## Description

This assignment relies on the lectures

• Functions and expressions in SQL;

• Aggregate functions and partitioning; and

• Triggers.

To turn in your assignment, you will need to upload to Canvas a single file

with name assignment4.sql which contains the necessary SQL statements

that solve the problems in this assignment. The assignment4.sql file must

be so that the AI’s can run it in their PostgreSQL environment. You should

use the Assignment-Script-2021-Fall-assignment4.sql file to construct

the assignment4.sql file. (Note that the data to be used for this assignment

is included in this file.) In addition, you will need to upload a separate

assignment4.txt file that contains the results of running your queries.

You will also see several problems that are listed as practice problems.

You should not include your solutions for such problems in the materials

you submit for this assignments. Only solutions for problems 1 through 10

need to be submitted.

1

Database schema and instances

For the problems in this assignment we will use the following database

schema:1

Person(pid, pname, city)

Company(cname, headquarter)

Skill(skill)

worksFor(pid, cname, salary)

companyLocation(cname, city)

personSkill(pid, skill)

hasManager(eid, mid)

Knows(pid1, pid2)

In this database we maintain a set of persons (Person), a set of

companies (Company), and a set of (job) skills (Skill). The pname

attribute in Person is the name of the person. The city attribute

in Person specifies the city in which the person lives. The cname attribute in Company is the name of the company. The headquarter

attribute in Company is the name of the city wherein the company has

its headquarter. The skill attribute in Skill is the name of a (job)

skill.

A person can work for at most one company. This information is

maintained in the worksFor relation. (We permit that a person does

not work for any company.) The salary attribute in worksFor specifies

the salary made by the person.

The city attribute in companyLocation indicates a city in which

the company is located. (Companies may be located in multiple cities.)
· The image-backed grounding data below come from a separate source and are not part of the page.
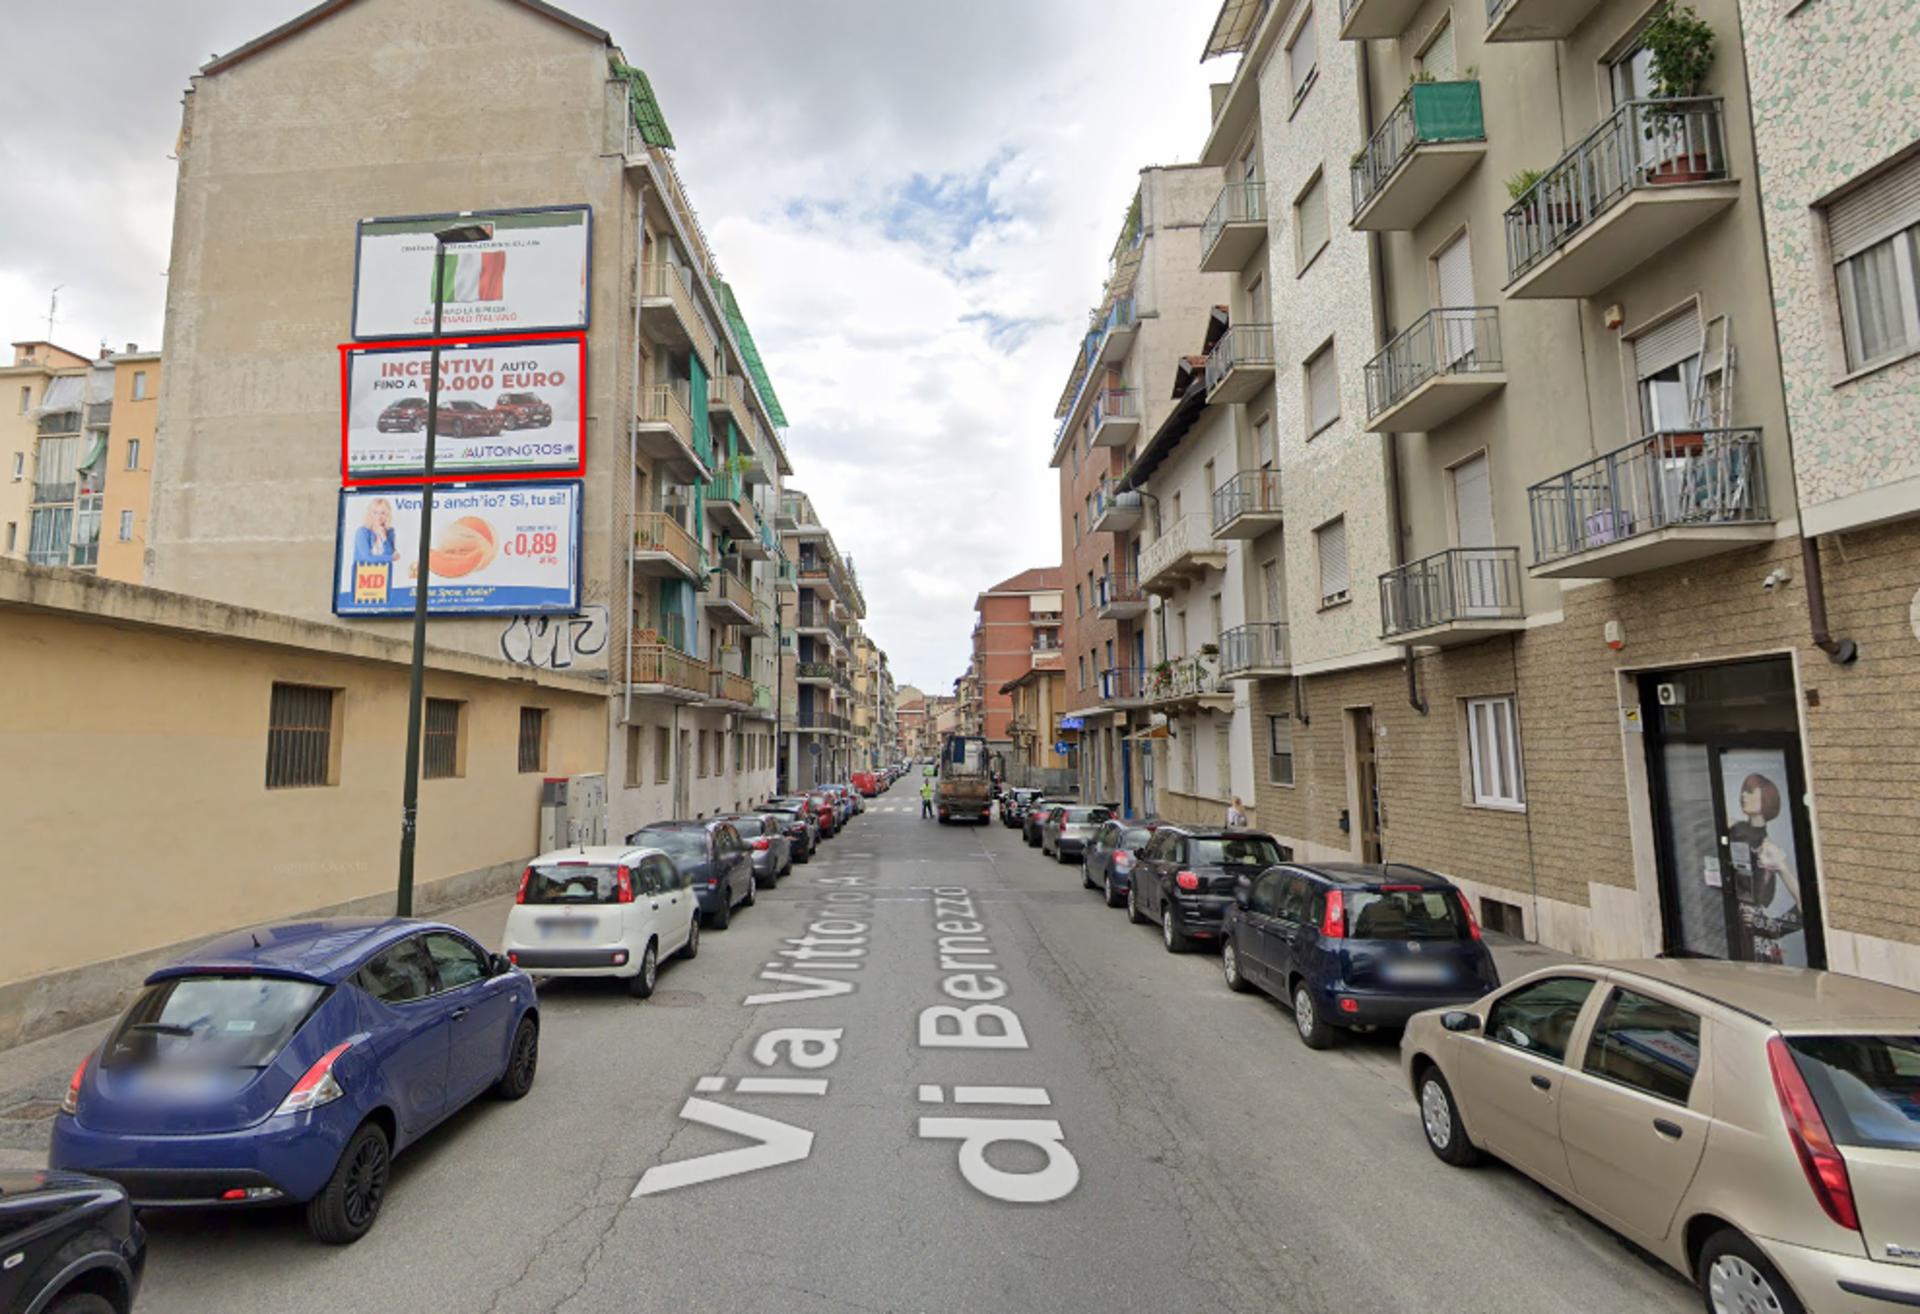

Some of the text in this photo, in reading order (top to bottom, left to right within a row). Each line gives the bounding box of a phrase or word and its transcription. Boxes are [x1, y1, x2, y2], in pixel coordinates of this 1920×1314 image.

[381, 358, 538, 377] INCENTIVI AUTO
[374, 379, 404, 390] FINO
[407, 379, 418, 389] A
[502, 371, 565, 389] EURO
[395, 498, 440, 511] Veno
[531, 494, 546, 506] tu
[358, 574, 385, 589] MD
A person can have multiple job skills. This information is maintained in the personSkill relation. A job skill can be the job skill of

multiple persons. (A person may not have any job skills, and a job skill

may have no persons with that skill.)

A pair (e, m) in hasManager indicates that person e has person m as

one of his or her managers. We permit that an employee has multiple

managers and that a manager may manage multiple employees. (It

is possible that an employee has no manager and that an employee is

1The primary key, which may consist of one or more attributes, of each of these relations

is underlined.

2

not a manager.) We further require that an employee and his or her

managers must work for the same company.

The relation Knows maintains a set of pairs (p1, p2) where p1 and p2

are pids of persons. The pair (p1, p2) indicates that the person with pid

p1 knows the person with pid p2. We do not assume that the relation

Knows is symmetric: it is possible that (p1, p2) is in the relation but

that (p2, p1) is not.

The domain for the attributes pid, pid1, pid2, salary, eid, and

mid is integer. The domain for all other attributes is text.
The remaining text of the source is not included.